If it's the same author I found based on a cursory search from your profile, then "famous" is a bit of a stretch.
> Where I think it hurt was we didn't do any group social activities and lived in remote places
I got a similar feeling reading about Chris Paolini. Homeschooled, raised in a remote place. Fed a lot of his early life experiences, particularly travel, into his novels but felt alienated from other kids.
That's a bit rude. I did the same cursory search and realized my friends and I are big fans. Just because you don't recognize the name doesn't mean others don't.

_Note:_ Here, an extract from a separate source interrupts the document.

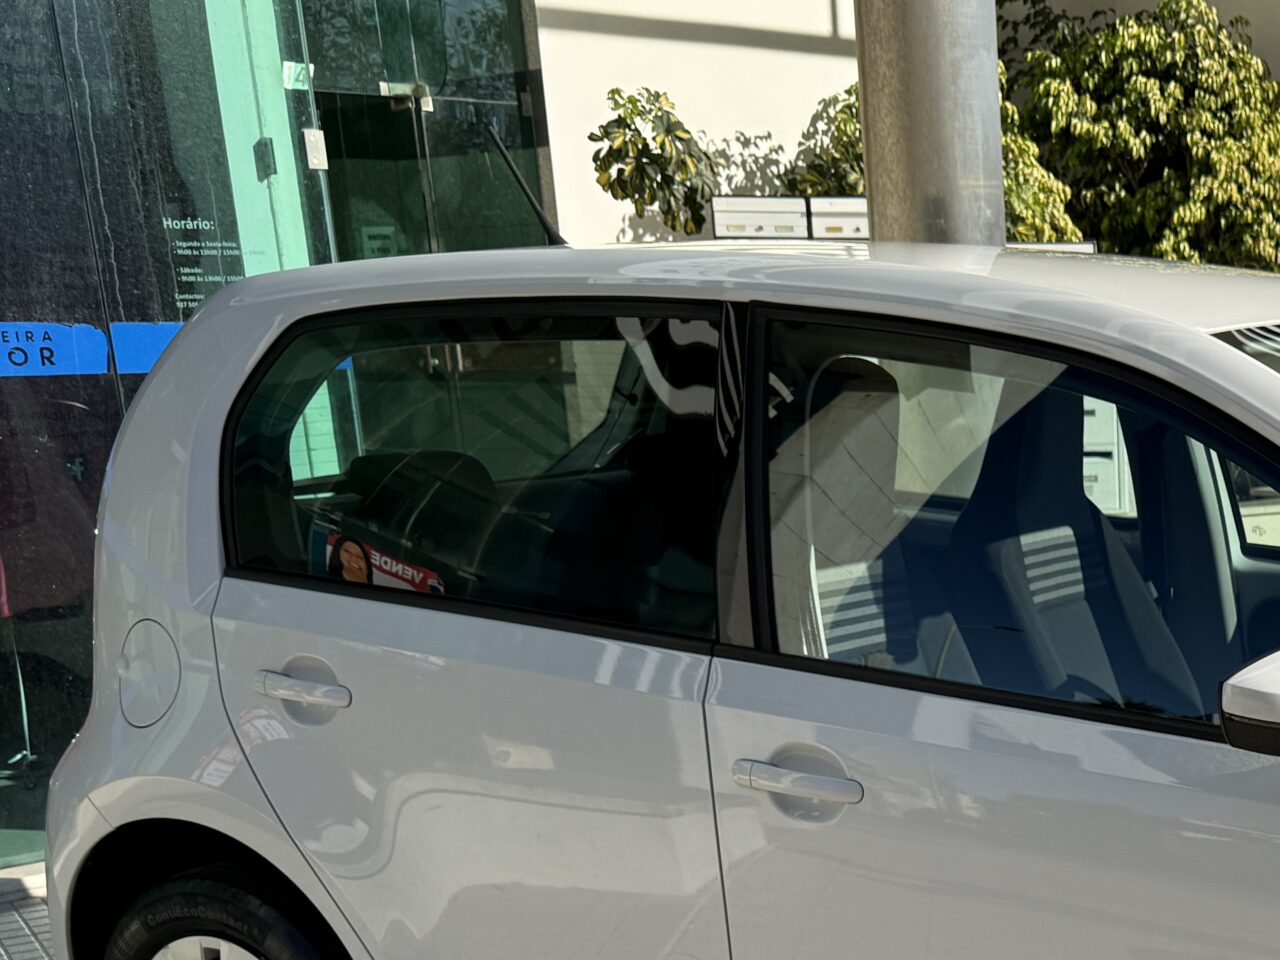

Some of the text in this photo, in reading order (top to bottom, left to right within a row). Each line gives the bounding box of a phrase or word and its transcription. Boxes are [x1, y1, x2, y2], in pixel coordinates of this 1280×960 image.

[162, 217, 215, 230] Horário:
[1, 330, 53, 343] EIRA
[8, 346, 57, 367] OR

My name is known in certain small circles, it doesn't make me famous. So just because you recognize the name, doesn't mean he's what one would classify as famous.
Well he's not JK Rowling famous, but he has sold over a million books which puts him in a pretty elite club author wise. Especially in sci fi, that's a lot. I'm very proud of my brother, he started down a very difficult career path and became very successful. All self taught.
Former publishing industry professional here. If he's broken the 1 million books mark, I wouldn't hesitate to call him famous. He's more successful than 99.99% of authors.
Makes me very happy you celebrate his success so openly. In my time in the industry, I saw a lot of fiction authors dismissed by their family/friends who worked in non-creative industries. Thanks for being one of the awesome relatives. :)
Perhaps I was the one stretching with my "cursory search", because I missed the pseudonym. A million sales is certainly "famous" from any reasonable standpoint.